I remember the day they released us from the hospital. Hubs was carrying the car seat with our brand new baby strapped safely inside. We were commenting on how strange it felt to be leaving the hospital (we'd been there for three days, which was hospital policy for first time parents) with this precious, new little life and really only a vague idea on how to take care of it. Hubs was saying, "I wish he'd come with an instruction manual" and I was all smiles as we approached our truck.
On the sidewalk near our truck some hurried parent had left their diaper bag. I noticed it about the same time a guy in uniform did. He flung his arm out. "I need you to stay back. Stay right there." he commanded.
Maybe I should mention, for those who don't know, our first baby was born at an Army hospital.
I remember thinking, Wow. I'm pretty sure that's only a diaper bag. Can we say over-reaction?

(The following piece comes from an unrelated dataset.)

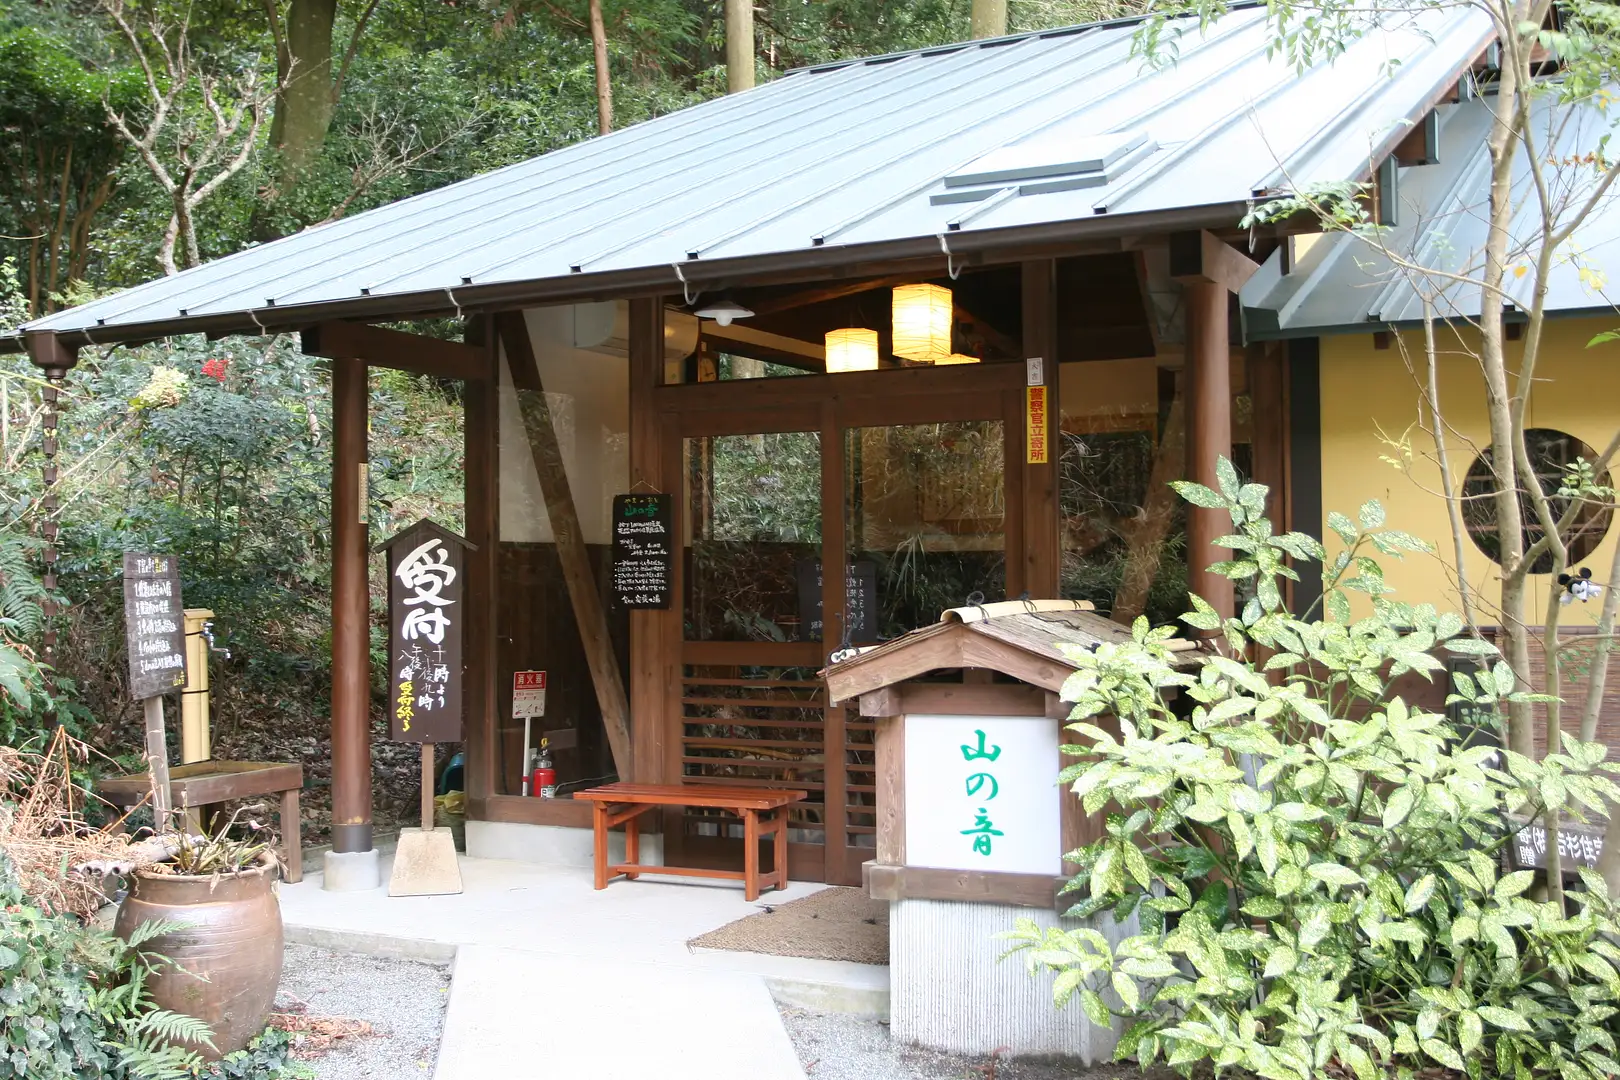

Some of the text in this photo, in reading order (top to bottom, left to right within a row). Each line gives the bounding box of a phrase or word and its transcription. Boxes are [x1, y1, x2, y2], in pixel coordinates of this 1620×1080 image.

But then, once he'd cautiously approached the bag, and gave it a good look-over, and motioned that we were safe I got to thinking. There is a reason that this man is so especially cautious. Chances are pretty good he's seen first hand the results of a strategically placed bomb. Chances are pretty good he's attended the services for a fallen friend. He was cautious for good reason.

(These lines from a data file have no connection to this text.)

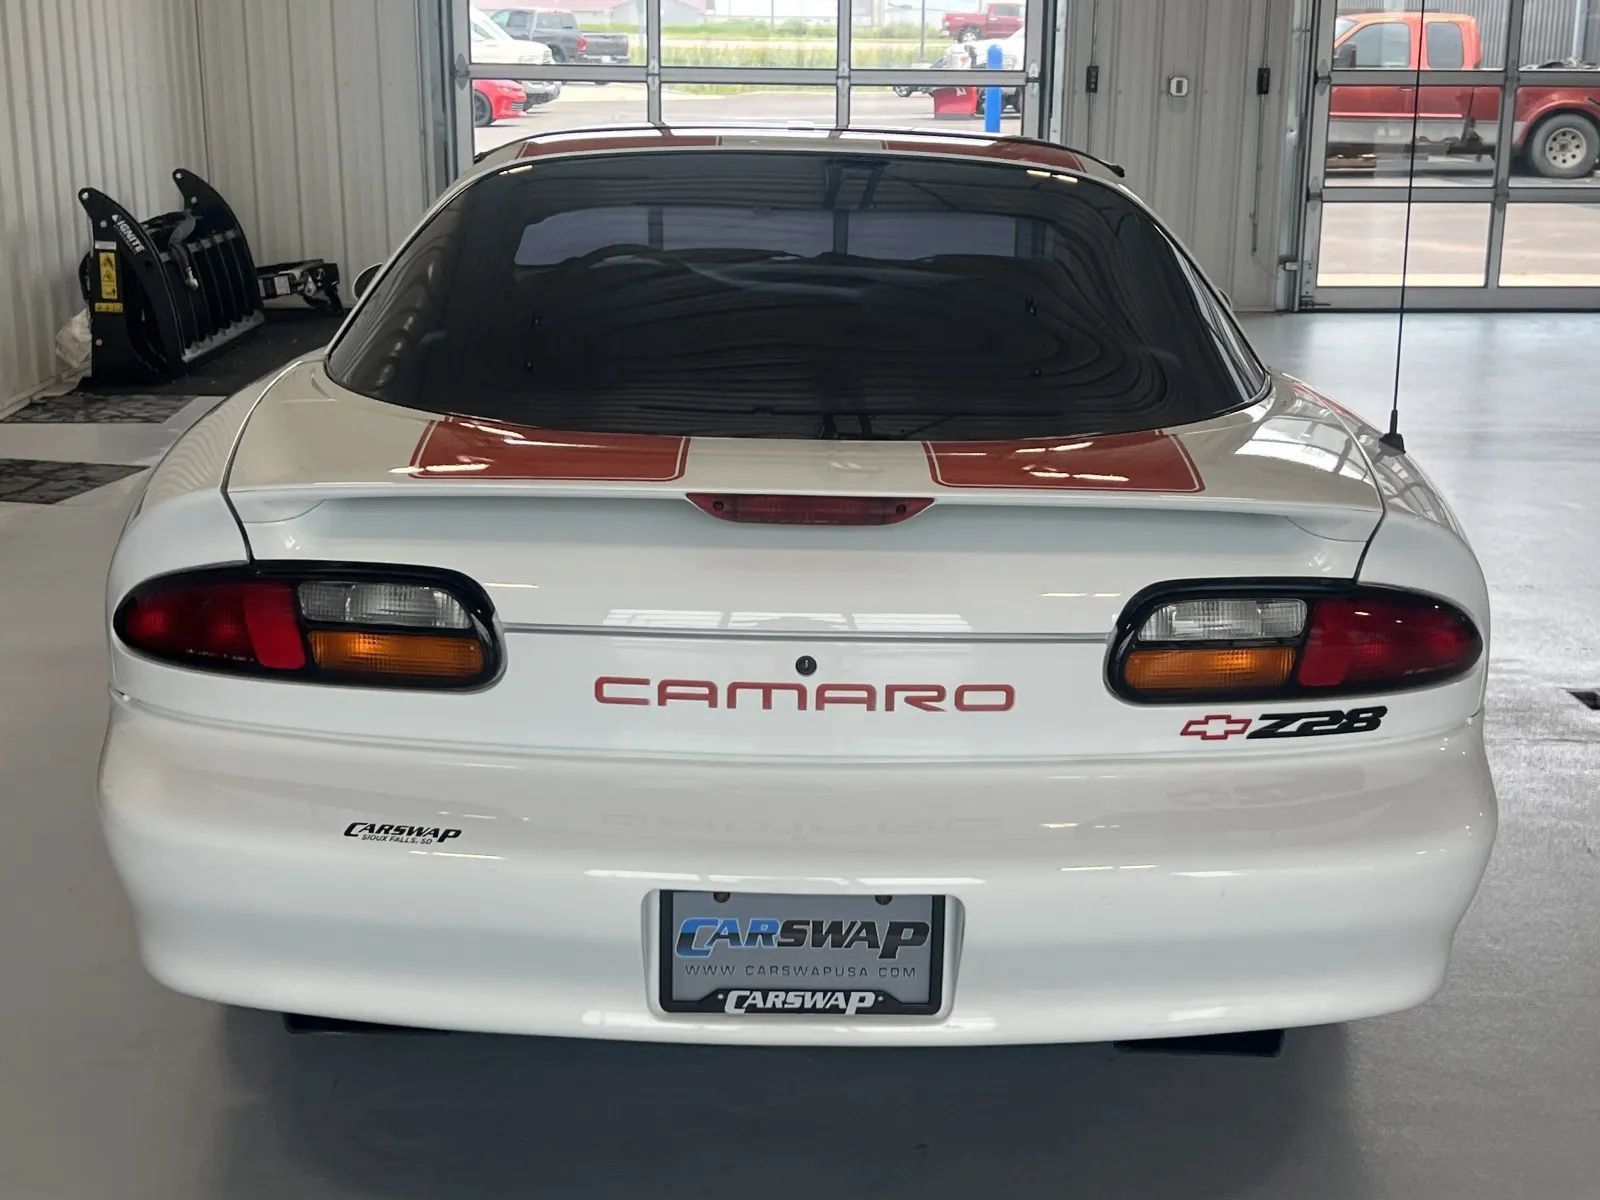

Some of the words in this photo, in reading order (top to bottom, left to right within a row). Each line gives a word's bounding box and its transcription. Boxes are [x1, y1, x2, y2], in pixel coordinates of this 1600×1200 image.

[116, 220, 145, 253] IGNITE
[594, 676, 1016, 712] CAMARO
[1246, 705, 1388, 740] Z28
[343, 822, 462, 843] CARSWAP
[361, 834, 388, 842] SIOUX
[675, 917, 931, 960] CARSWAP
[724, 989, 876, 1015] CARSWAP

As we drove home I couldn't help think on it all a little bit more. We are raising our children in a sick and dangerous world. A place where Evil looks and patiently waits for opportunity. A place where wolves come to us in sheep's clothing.
Recently I read an article where a fellow LDS woman in a very respectful way lifted her voice in a "this is what I saw" kind of way. She wasn't calling anyone to repentance, and she wasn't judging anyone. She was merely stating something that she felt the Spirit had called her attention to, and she was pointing out that she was seeing a wolf disguised as a sheep. It obviously took a great deal of courage for this woman to write the things she did. She had to know there would be a back-lash from others...

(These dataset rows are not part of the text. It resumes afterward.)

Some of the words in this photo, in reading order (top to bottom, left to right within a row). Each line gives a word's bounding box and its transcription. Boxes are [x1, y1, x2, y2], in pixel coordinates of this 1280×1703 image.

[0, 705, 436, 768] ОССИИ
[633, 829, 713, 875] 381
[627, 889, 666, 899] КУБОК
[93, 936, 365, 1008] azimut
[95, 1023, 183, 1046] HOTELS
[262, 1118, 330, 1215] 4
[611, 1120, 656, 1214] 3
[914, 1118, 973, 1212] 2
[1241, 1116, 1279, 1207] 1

I bet she didn't expect that back-lash to come so quickly, violently and viciously from her fellow Sisters in the gospel. I read her article and then for the next three days watched other LDS women tear her down and apart. It was sad, painful even, to watch. Have we become so hardened? Even if we disagreed with her, couldn't we have quietly done so? Instead of virtually lifting her up to social media and making a mockery of her, and throwing word-rocks at her? Especially when it isn't too crazy to suppose she could be right. People who study social movements will tell you as much.
I got a bit sidetracked here, didn't I?
As a mother to these two little boys in this crazy and often evil world, I sure hope I can guide them safely. That I can discern between what is just a diaper bag and what is a true danger disguised as a diaper bag. I think now more than ever vigilance is necessary -Mad Eye style vigilance.